Dec Munro, who is behind a number of live comedy shows and venues, tells us more about what he does in his job.
Tell us what you do in your job.
I'm primarily a comedy director, teacher, dramaturg and work on some one-off projects.
I've recently directed Lara Ricote's first show Grl, Latnx, Def (which won the Best Newcomer at the Edinburgh Fringe last year), worked with Stuart Goldsmith on Spoilers (a work in progress show which won Best Show at the Leicester Comedy Festival) and have directed shows by Mawaan Rizwan, Sofie Hagen, Ellie Taylor, Michael Akadiri, Angela Barnes, Alasdair Beckett-King and others.
For the last 8 months I've been working with 8 new playwrights on the Sky Comedy Rep [development programme] and I've learned a lot and loved it.
How did you first get involved in the comedy industry?
I directed Sofie Hagen's first show Bubblewrap. I'd run and MC'd a monthly gig called Test Tube Comedy at the Canal Café Theatre in London with lots of brilliant acts and met them through that. Sofie said "I can't imagine taking a show to Edinburgh without you" which was a lovely way to get me involved. I thought they had seen I'd be a good director but they asked me to flyer for them. I asked if I could direct and they said "if you'd really like to but can you flyer as well please"?
That show went to the Fringe and won the Best Newcomer prize and other comedians asked me to help them. I think I also did a pretty good job flyering.
What key skills do you need to be able to do your job well?
Knowledge of comedy, empathy, ability to be a little tough, confidence in your own view on what is or might be funny with an ability to listen and be guided by the person you're working with, understanding of structure in shows.
I feel like comedy directing or advising on shows is a lot about being a point of accountability and taking real pleasure in helping someone find the best/most effective/most enjoyable way for them to talk about what they want to talk about.
What has been your biggest career achievement to date?
I've had a few career achievements I'm really proud of. I'm one of the team who founded The Bill Murray comedy club in London and I'm proud of what it's become with a brilliant team.
I've learnt to teach comedy (I teach at Angel Comedy) over the last few years and I absolutely love doing it. I've seen graduates from the courses I teach do really well (last year graduates won So You Think You're Funny?, The NATYs and were finalists in most major comedy competitions) and have taught some well-known people - Ritu Arya (actor), Luciana Berger (ex-politician), Jonathan Blake (BBC reporter), Ann Kaplan Mulholland (Real Housewife and entrepreneur) amongst many, which has been interesting.

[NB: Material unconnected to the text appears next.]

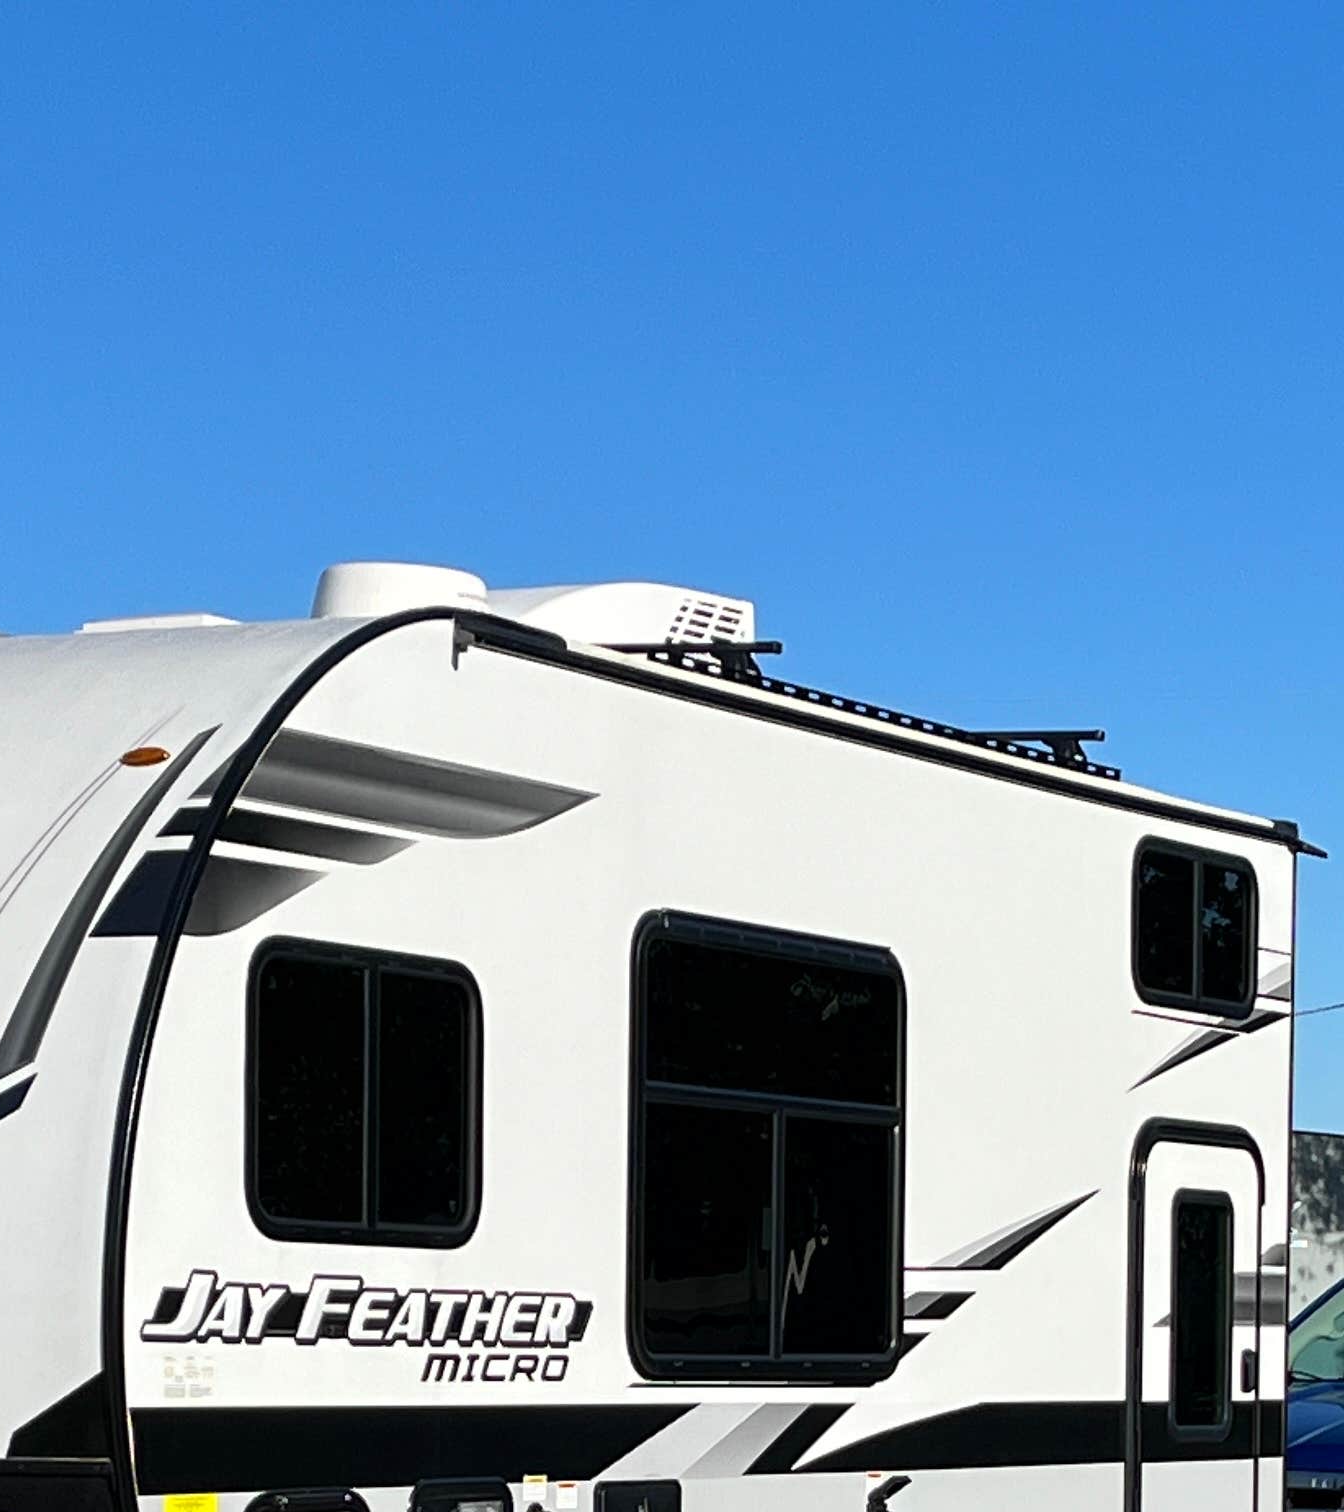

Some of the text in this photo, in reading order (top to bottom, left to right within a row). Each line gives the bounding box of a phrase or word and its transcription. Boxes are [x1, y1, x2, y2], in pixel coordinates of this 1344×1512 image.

[141, 1269, 579, 1349] JAY FEATHER
[421, 1353, 570, 1383] MICRO

I've absolutely loved being the Creative Lead/dramaturg on the Sky Comedy Rep in 2022/2023. Since October last year I've worked with 8 hugely talented new playwrights creating short plays (which will be on at the Birmingham Rep at the end of May).
And what has been the biggest challenge/disappointment?

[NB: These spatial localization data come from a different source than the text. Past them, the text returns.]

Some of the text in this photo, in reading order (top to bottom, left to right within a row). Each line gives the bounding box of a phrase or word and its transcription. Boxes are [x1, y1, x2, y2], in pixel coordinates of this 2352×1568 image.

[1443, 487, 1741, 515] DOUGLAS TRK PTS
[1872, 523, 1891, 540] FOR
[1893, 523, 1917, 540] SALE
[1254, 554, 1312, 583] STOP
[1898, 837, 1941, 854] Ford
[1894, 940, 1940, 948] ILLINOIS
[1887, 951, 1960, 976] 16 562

I directed Mawaan Rizwan's wonderful show Juice in 2018. We sat down together in February/March 2018 and discussed it and, over a hot drink in Kings Cross, found the story of him being "annoyed" at the success of various family members (his mum became famous in India and was discovered through Mawaan's YouTube videos, his brother Nabhaan had his first role starring opposite Paddy Considine in the BBC show Informer).
It was a great show and I'm proud to have helped with it. It was optioned and is becoming a BBC Three TV show. Mawaan's ace and he and I had an agreement that I would be credited as the original live director which would have made my mum proud, but this was stopped by the production company. It sounds silly maybe but it made me pretty sad and pointed out to me how important it is, I think, to have people credited on work.
Talk us through a typical day.
Last Wednesday I helped a charity (Greenpeace) think about how comedy can help them in their messaging in the afternoon, and in the morning I worked with a new comedian for 3 hours giving them an outside eye on their Edinburgh show and worked on the Bill Murray/Angel Comedy weekly mailout during my lunch.
Tell us a trick/secret/resource that you use to make your job quicker/easier.
Quickly ask people if they are comfortable being given honest feedback and, if they aren't, how they want feedback. In my experience people then give you licence to be honest which makes everything easier and quicker and more effective.
How are you paid?
I'm paid per job generally.
If you could change one thing about the comedy industry, what would it be?
From personal experience: recognition and credit to people who've worked on shows (as director/dramaturg/anything else).
What tips would you give for anyone looking to work in your area of the industry?
Be proactive, work with good people, take a long view, realise that it's better in the long run to give very honest feedback and people can take it (this took me too long to figure out). Don't do it unless you love live comedy with your whole soul.